# Items from a data source
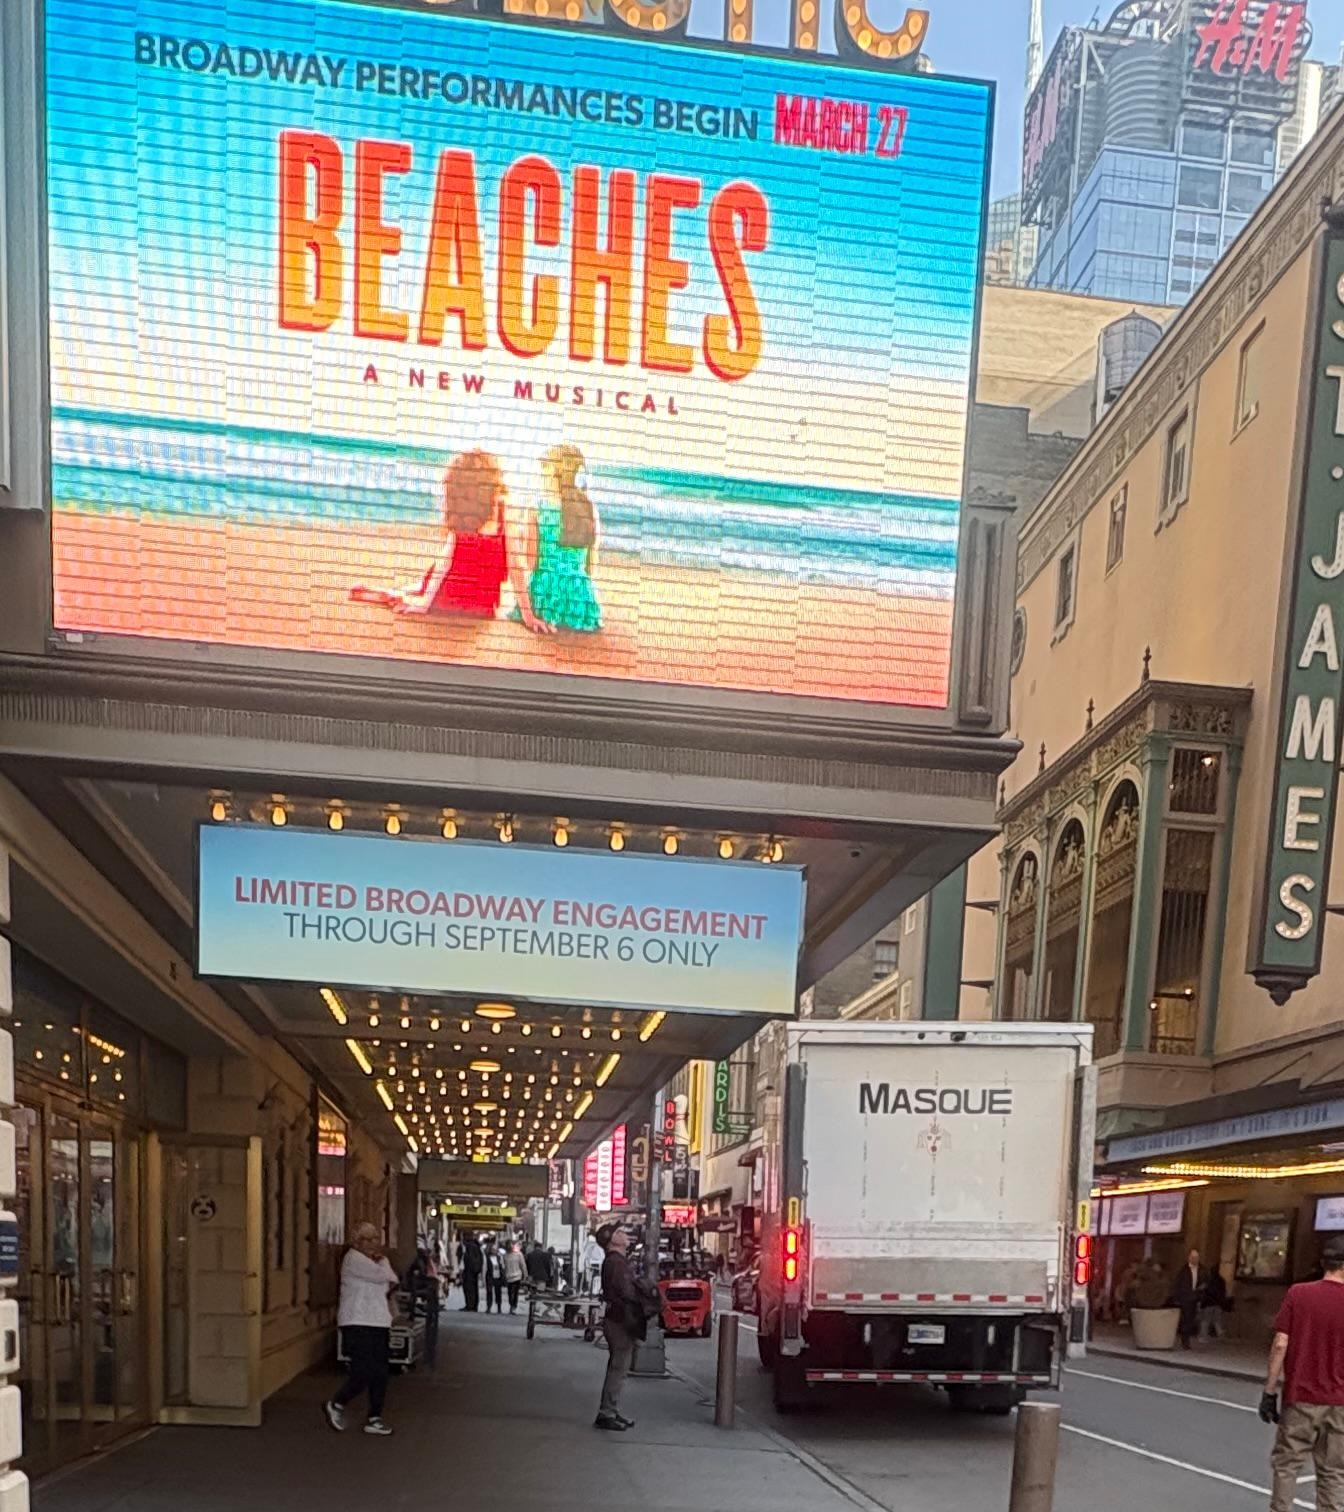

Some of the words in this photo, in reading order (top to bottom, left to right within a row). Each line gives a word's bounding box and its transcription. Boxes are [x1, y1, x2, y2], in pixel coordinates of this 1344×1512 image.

[1194, 0, 1304, 82] H&M
[134, 31, 347, 89] BROADWAY
[357, 61, 643, 126] PERFORMANCES
[653, 99, 759, 141] BEGIN
[773, 91, 869, 156] MARCH
[874, 105, 908, 159] 27
[277, 128, 770, 382] BEACHES
[362, 363, 380, 384] A
[409, 368, 485, 394] NEW
[514, 381, 680, 416] MUSICAL
[234, 875, 357, 910] LIMITED
[364, 887, 545, 925] BROADWAY
[552, 899, 768, 941] ENGAGEMENT
[282, 911, 436, 948] THROUGH
[444, 923, 609, 961] SEPTEMBER
[617, 935, 635, 963] 6
[642, 938, 720, 968] ONLY
[859, 1082, 1013, 1115] MASQUE
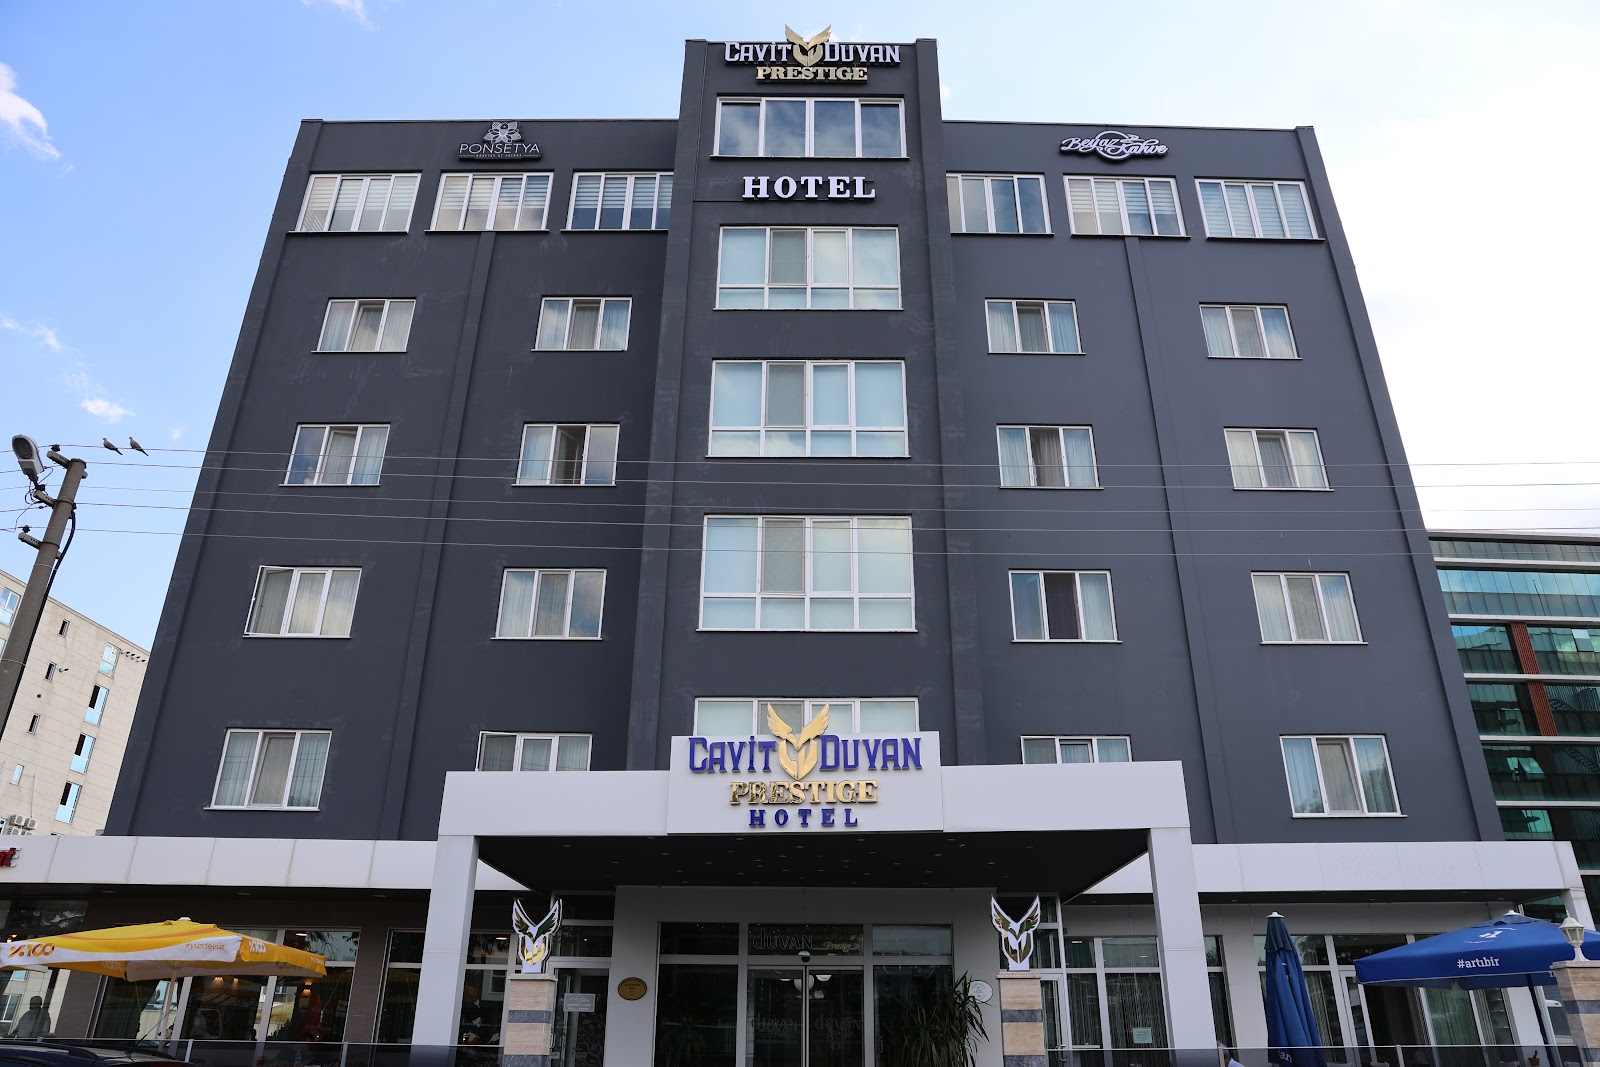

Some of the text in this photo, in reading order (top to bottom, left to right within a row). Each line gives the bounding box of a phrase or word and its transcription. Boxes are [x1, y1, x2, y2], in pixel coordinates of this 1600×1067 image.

[824, 42, 901, 63] DUVAN
[756, 66, 868, 81] PRESTIGE
[459, 143, 540, 154] PONSETYA
[1061, 137, 1169, 155] Beyaz Kahve
[742, 176, 876, 198] HOTEL
[688, 734, 923, 773] CAVİT DUVAN
[729, 779, 879, 805] PRESTIGE
[748, 808, 858, 828] HOTEL
[7, 943, 55, 959] %100
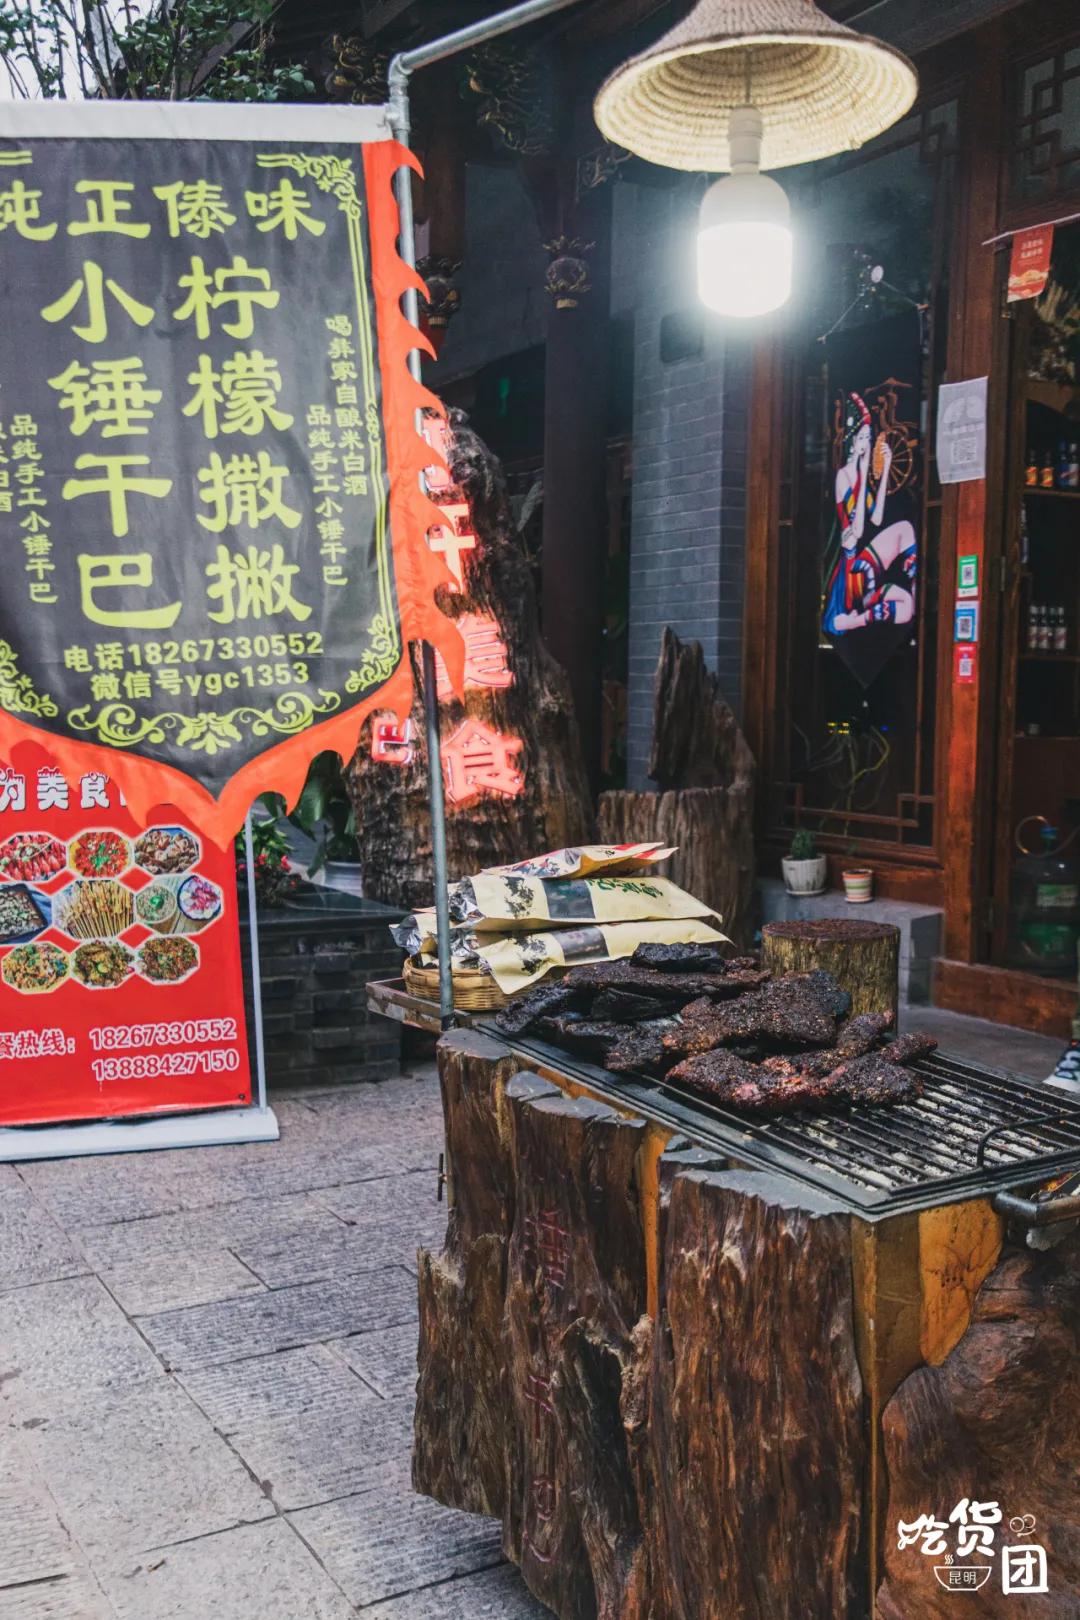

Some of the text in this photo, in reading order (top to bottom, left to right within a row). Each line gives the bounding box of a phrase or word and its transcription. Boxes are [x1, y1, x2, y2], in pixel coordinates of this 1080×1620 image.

[0, 178, 326, 241] 纯正傣味
[40, 260, 183, 629] 小锤干巴
[10, 414, 58, 604] 品纯手工小锤干巴
[307, 405, 348, 586] 品纯手工小锤干巴
[64, 632, 324, 673] 电话18267330552
[91, 662, 309, 701] 微信号ygc1353
[89, 1017, 237, 1051] 18267330552
[92, 1049, 240, 1081] 13888427150

# TASK PROMPT
Starting at the line that contains "this 1600×1067 image.", return every line through the end of the records above exactly as written, and return no pictures.

# ANSWER SECTION
Some of the text in this photo, in reading order (top to bottom, left to right within a row). Each line gives the bounding box of a phrase or word and its transcription. Boxes are [x1, y1, x2, y2], in pixel coordinates of this 1600×1067 image.

[824, 42, 901, 63] DUVAN
[756, 66, 868, 81] PRESTIGE
[459, 143, 540, 154] PONSETYA
[1061, 137, 1169, 155] Beyaz Kahve
[742, 176, 876, 198] HOTEL
[688, 734, 923, 773] CAVİT DUVAN
[729, 779, 879, 805] PRESTIGE
[748, 808, 858, 828] HOTEL
[7, 943, 55, 959] %100

Some of the text in this photo, in reading order (top to bottom, left to right within a row). Each line gives the bounding box of a phrase or word and its transcription. Boxes are [x1, y1, x2, y2], in pixel coordinates of this 1080×1620 image.

[0, 178, 326, 241] 纯正傣味
[40, 260, 183, 629] 小锤干巴
[10, 414, 58, 604] 品纯手工小锤干巴
[307, 405, 348, 586] 品纯手工小锤干巴
[64, 632, 324, 673] 电话18267330552
[91, 662, 309, 701] 微信号ygc1353
[89, 1017, 237, 1051] 18267330552
[92, 1049, 240, 1081] 13888427150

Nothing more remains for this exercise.